RECORDED INFORMATION —
··········
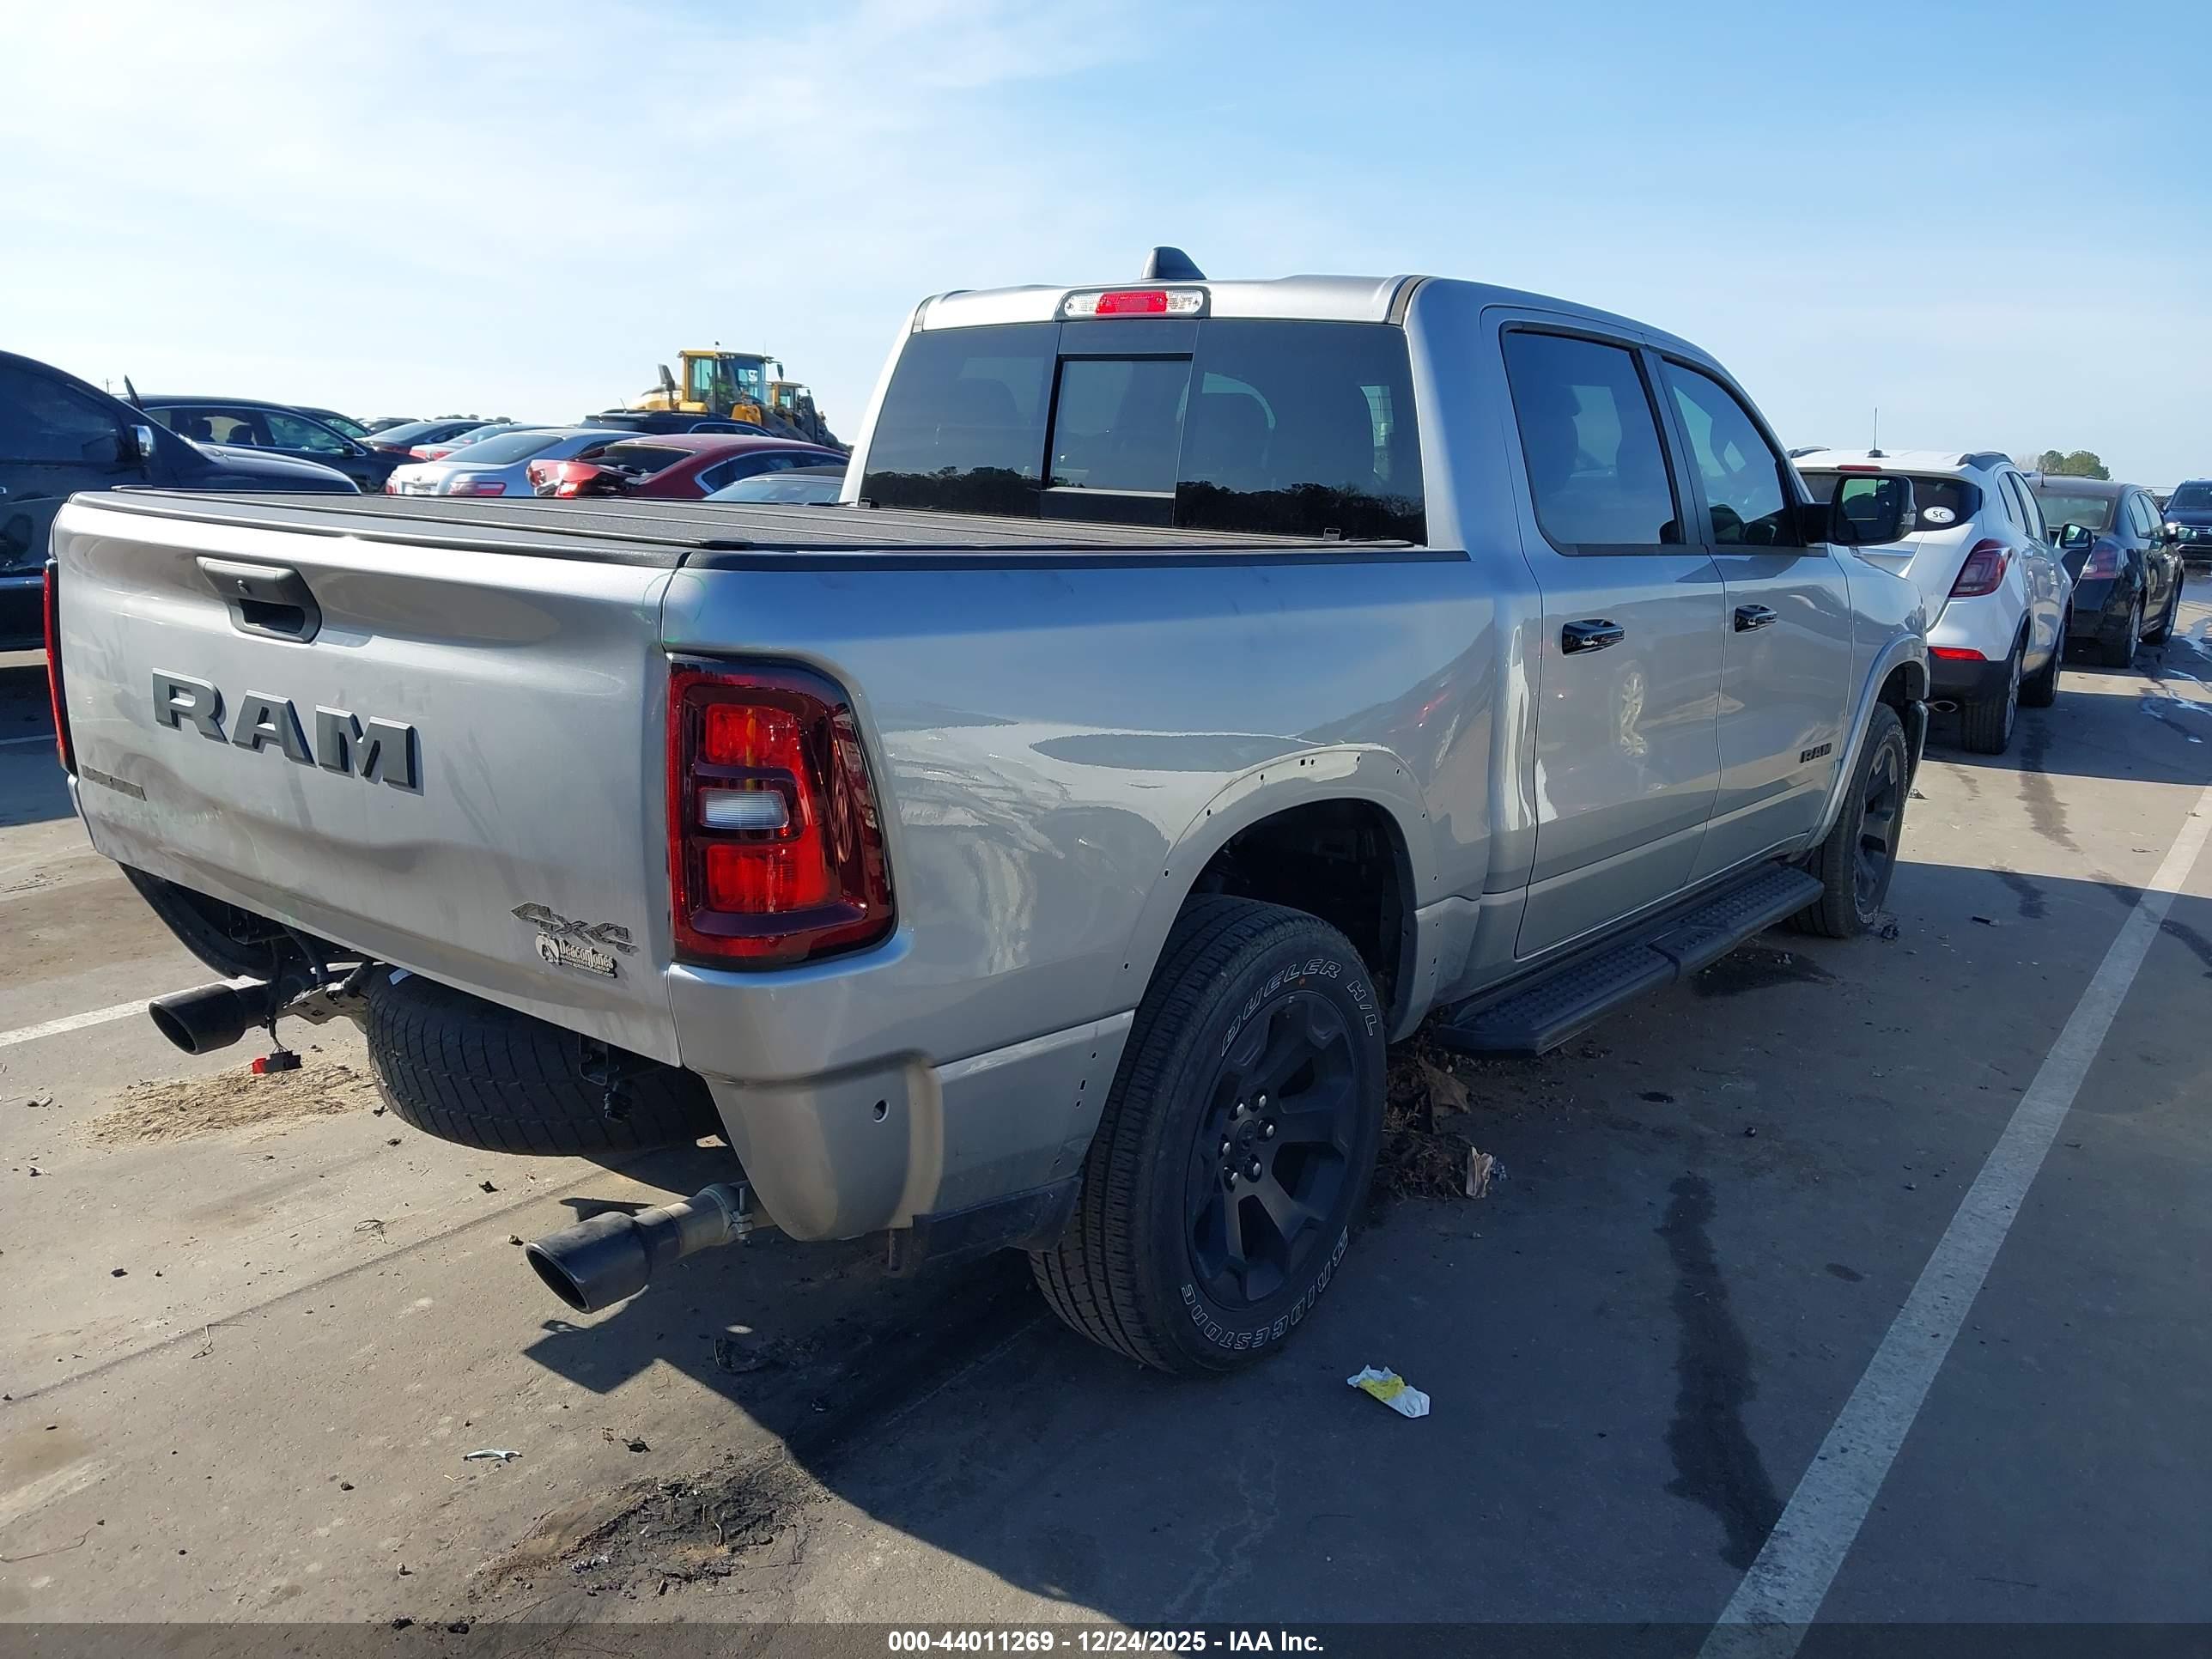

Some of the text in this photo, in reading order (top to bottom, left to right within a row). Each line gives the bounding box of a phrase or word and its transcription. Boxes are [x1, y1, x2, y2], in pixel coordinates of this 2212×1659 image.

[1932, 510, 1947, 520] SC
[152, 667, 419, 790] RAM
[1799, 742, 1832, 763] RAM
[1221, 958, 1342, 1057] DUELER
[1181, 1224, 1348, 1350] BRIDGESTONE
··········
The whole listing must be transcribed exactly. No pictures belong in the copy.

OUTPUT FOR THIS EXERCISE —
Some of the text in this photo, in reading order (top to bottom, left to right within a row). Each line gives the bounding box of a phrase or word and its transcription. Boxes are [x1, y1, x2, y2], in pixel coordinates of this 2212×1659 image.

[1932, 510, 1947, 520] SC
[152, 667, 419, 790] RAM
[1799, 742, 1832, 763] RAM
[1221, 958, 1342, 1057] DUELER
[1181, 1224, 1348, 1350] BRIDGESTONE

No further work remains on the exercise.